# TO DO
Transcribe the data exactly. Pictures stay out.

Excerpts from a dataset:

━━━━━━━━━━

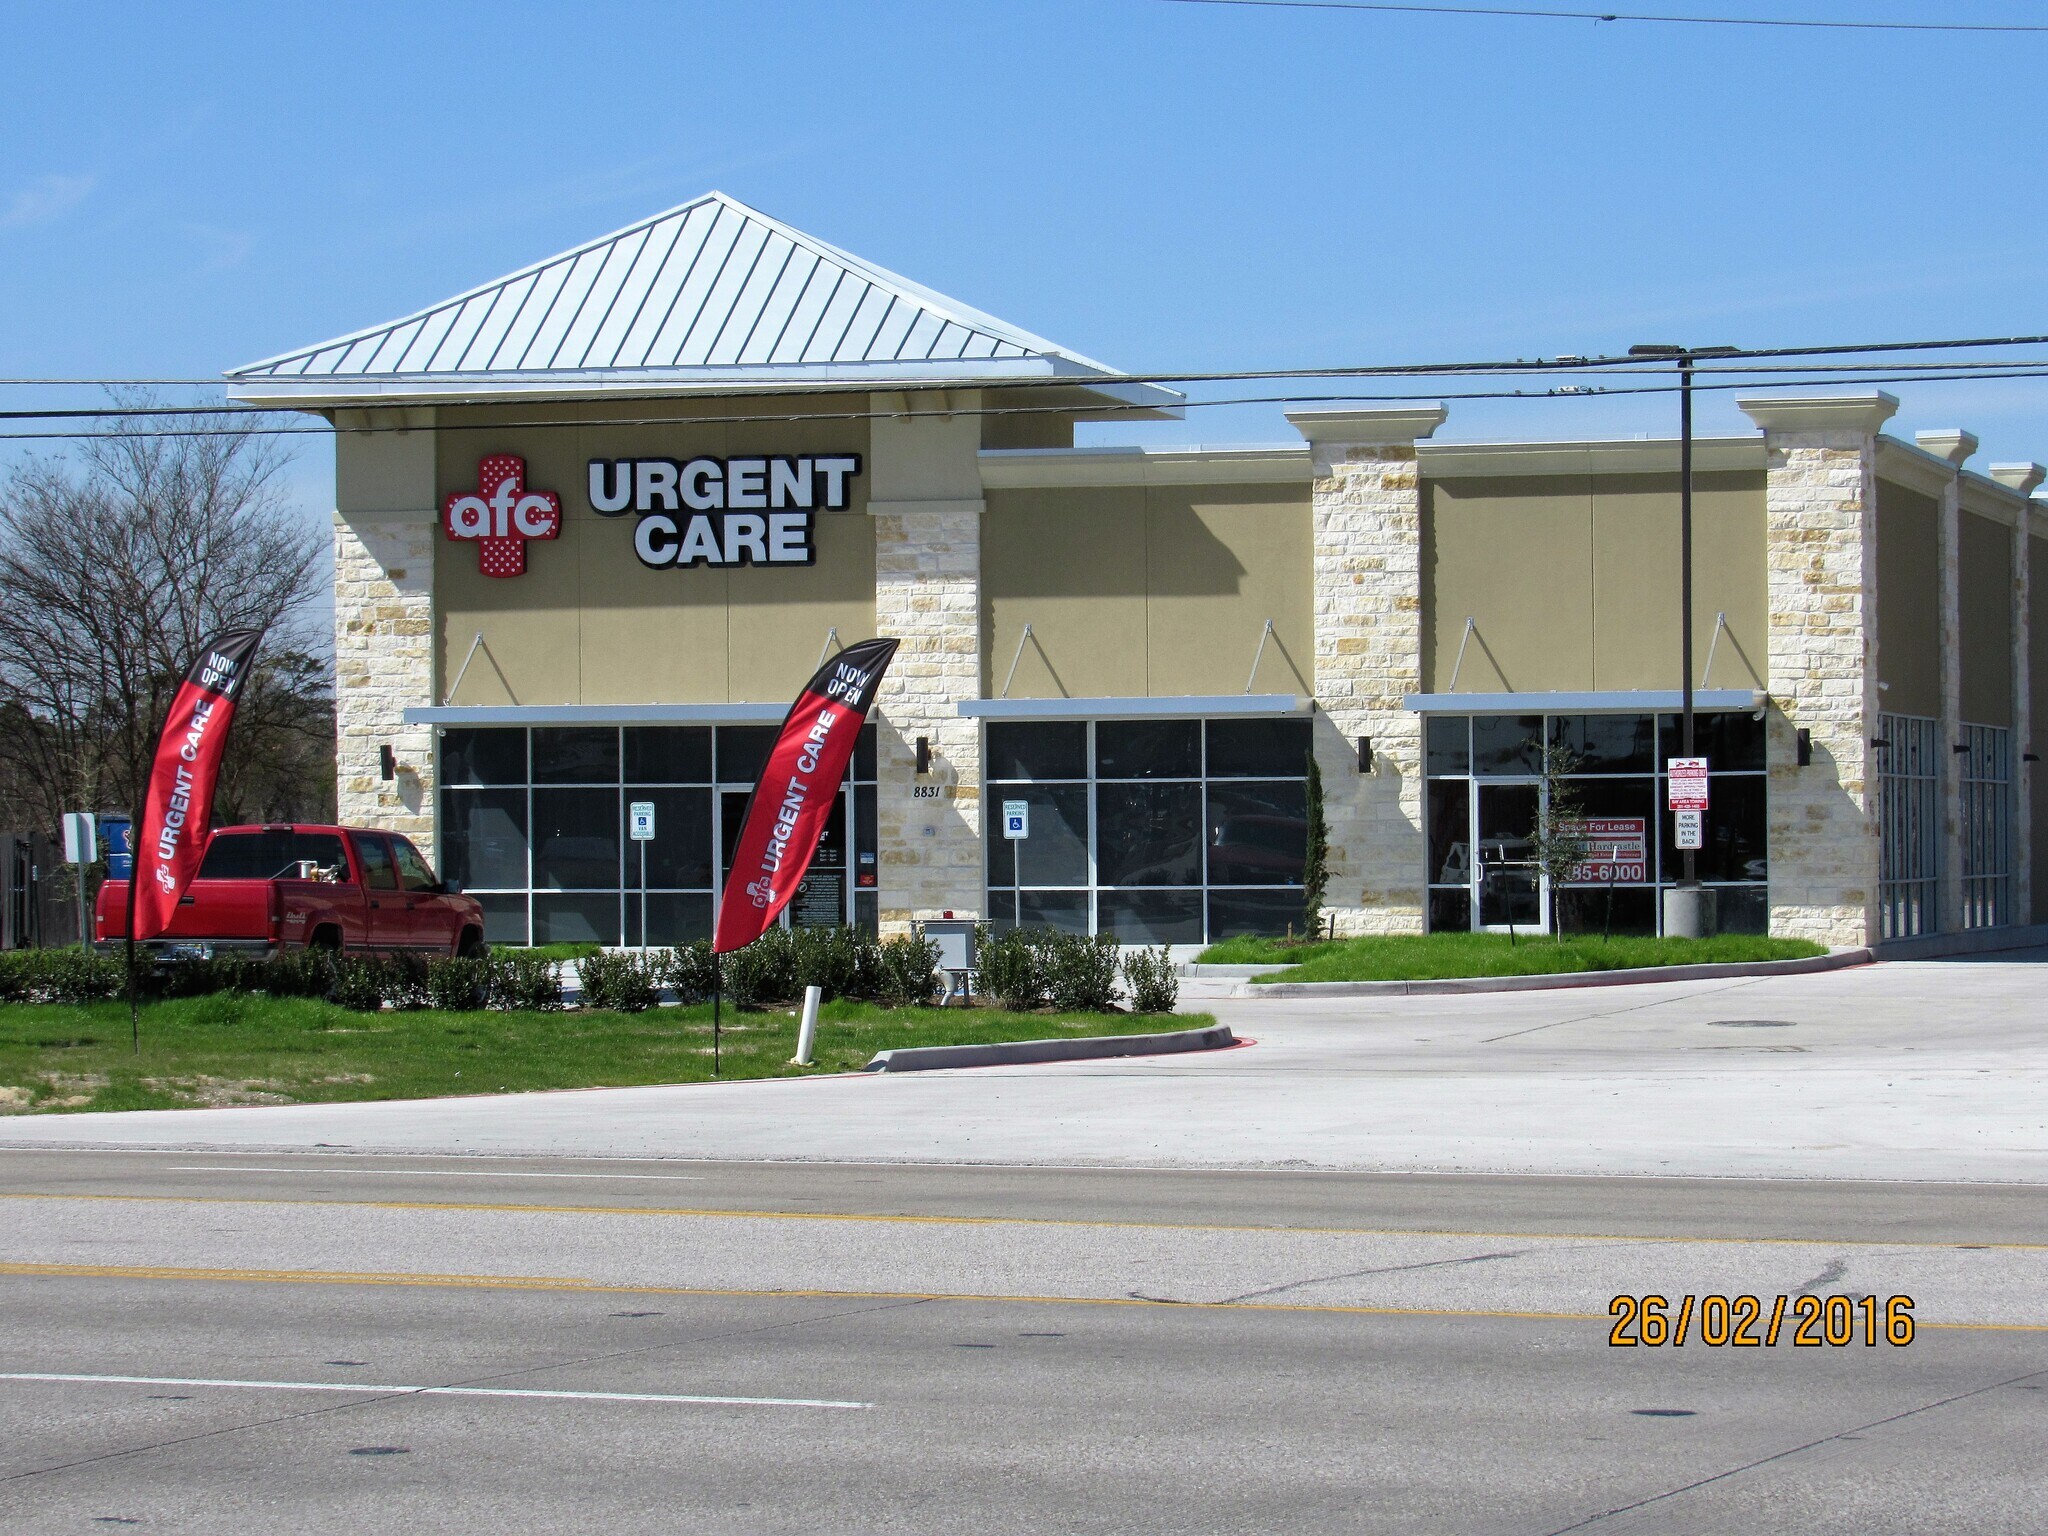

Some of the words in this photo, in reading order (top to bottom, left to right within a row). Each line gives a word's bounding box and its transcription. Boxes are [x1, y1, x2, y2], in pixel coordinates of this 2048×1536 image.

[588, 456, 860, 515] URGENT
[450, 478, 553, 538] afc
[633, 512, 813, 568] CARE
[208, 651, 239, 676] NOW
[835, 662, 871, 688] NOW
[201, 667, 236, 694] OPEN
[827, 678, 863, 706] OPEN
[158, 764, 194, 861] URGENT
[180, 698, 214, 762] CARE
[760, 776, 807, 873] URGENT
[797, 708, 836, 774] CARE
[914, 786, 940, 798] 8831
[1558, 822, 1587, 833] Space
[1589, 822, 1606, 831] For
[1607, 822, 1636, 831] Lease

━━━━━━━━━━

# PROBLEM SOLUTION
Some of the words in this photo, in reading order (top to bottom, left to right within a row). Each line gives a word's bounding box and its transcription. Boxes are [x1, y1, x2, y2], in pixel coordinates of this 2048×1536 image.

[588, 456, 860, 515] URGENT
[450, 478, 553, 538] afc
[633, 512, 813, 568] CARE
[208, 651, 239, 676] NOW
[835, 662, 871, 688] NOW
[201, 667, 236, 694] OPEN
[827, 678, 863, 706] OPEN
[158, 764, 194, 861] URGENT
[180, 698, 214, 762] CARE
[760, 776, 807, 873] URGENT
[797, 708, 836, 774] CARE
[914, 786, 940, 798] 8831
[1558, 822, 1587, 833] Space
[1589, 822, 1606, 831] For
[1607, 822, 1636, 831] Lease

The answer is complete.